While most of my friends in New York attended summer camps, none of them ever went camping with their families. Nor did schools in those days sponsor camping trips. Instead we went on field trips to museums or overnights to Philadelphia or Washington, D.C., where we visited museums and the houses of congress, and we stayed in motels. I have no recollection of my school or any other institution conducting outdoor adventures or wilderness trips. Perhaps that just was not popular in New York City in the 1970s and 80s. But times and locations have changed.

When I first moved to California, I observed no significant differences between the types of trips west coast schools sponsored versus the outings of east coast institutions. They all seemed to involve Washington, D.C. However, some of my friends and teaching colleagues in the San Francisco Bay Area, some of whom hailed from the North East, were camping enthusiasts. After biking from say, San Francisco to Big Sur, they would pitch their tents in a scenic campground by the Pacific. Such practices seemed more common in California, and these camping aficionados were not all twenty-five years old. I should have paid more attention to the warning signs, but since these camping friends were simply doing what they enjoyed, I didn’t care. I felt no need to participate, and they did not proselytize.

Years later, when we had a school-aged child, I was forced to embrace camping, or at least pay lip service to it in front of my daughter. We knowingly enrolled her in a school whose curriculum and mission appealed to us despite its mandatory “outdoor education” program.  Each academic year, beginning in kindergarten, the children embarked on overnight camping trips that were supposed to be part of the curriculum, though I never saw any connection. The purpose or justification for these outdoor adventures was to teach the students to become “stewards of the environment,” as well as develop independence and self-sufficiency. The durations of the trips and the rigors became increasingly longer and more challenging as the children got older. I told my husband that I would gladly volunteer for any school-related activity with the exception of chaperoning one of the camping trips. My husband has no great love of camping either, but he obliged.  By the way, no school administrators attended these trips, only teachers. Rumor had it that the head of the school at that time, raised in an urban environment, was no friend to camping.

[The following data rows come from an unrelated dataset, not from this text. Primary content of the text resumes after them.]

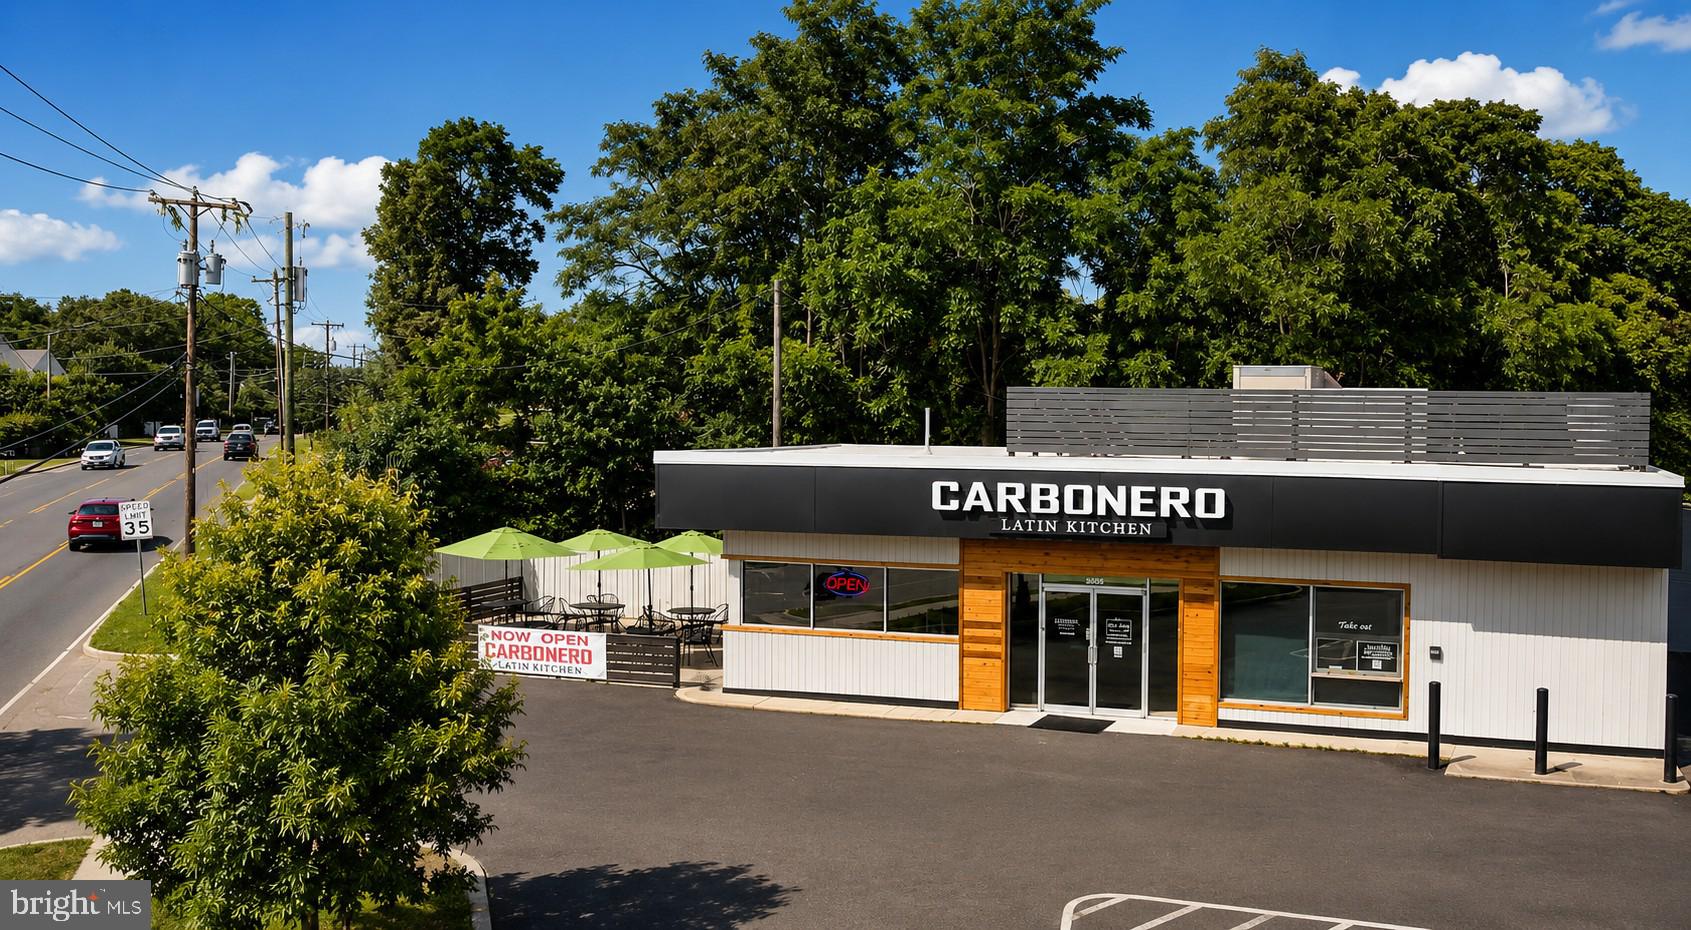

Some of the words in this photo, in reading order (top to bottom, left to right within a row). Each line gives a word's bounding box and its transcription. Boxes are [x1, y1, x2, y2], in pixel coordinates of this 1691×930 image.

[931, 480, 1226, 519] CARBONERO
[124, 520, 150, 535] 35
[1001, 518, 1058, 532] LATIN
[1066, 520, 1153, 535] KITCHEN
[825, 576, 867, 593] OPEN
[1338, 620, 1358, 630] Take
[491, 630, 531, 642] NOW
[541, 633, 588, 646] OPEN
[485, 642, 592, 665] CARBONERO
[498, 660, 530, 671] LATIN
[533, 662, 582, 674] KITCHEN

Relative to the trips taken in later grades, the kindergarten excursion was essentially “glamping” in tent/cabins with beds, though no indoor bathrooms. One parent was required to accompany each child. Needless to say, I was not representing our family. While the trip was “green” in the sense that the children learned about plants and wildlife, it is unclear to me how driving thirty-six separate cars and a few vans to a campsite an hour from the school was ecologically sound. Learning about tidal pools and recycling is not synonymous with becoming a “steward of the environment.” The children also did not learn survival skills, which would have been unlikely to serve them in their posh suburban environments. Most of them would have been better off learning to navigate the train system. I didn’t mind the happy-go-lucky, minding-their-own–business campers I had worked with, but I had little tolerance for the holier-than-thou camping gurus populating our local schools who seemed to believe that camping was contributing to making the world a better place.

From first grade on, the overnights got more serious. It was like Outward Bound for the elementary school set. Many of the children sobbed through the night in their bunks counting the hours until they returned home to their families. Even my daughter’s first grade teacher, who was an avid camper, thought that the overnight “was not age-appropriate for six-year olds.” By fourth grade, the kids were camping twice a year for two nights each time and pitching their own tents. In middle school the trips were longer, and students had to carry their own packs on many-mile long hikes. We never made it that far. Only a handful of parents were allowed to help chaperone these trips, so that the children were at the mercy of their teachers and environments.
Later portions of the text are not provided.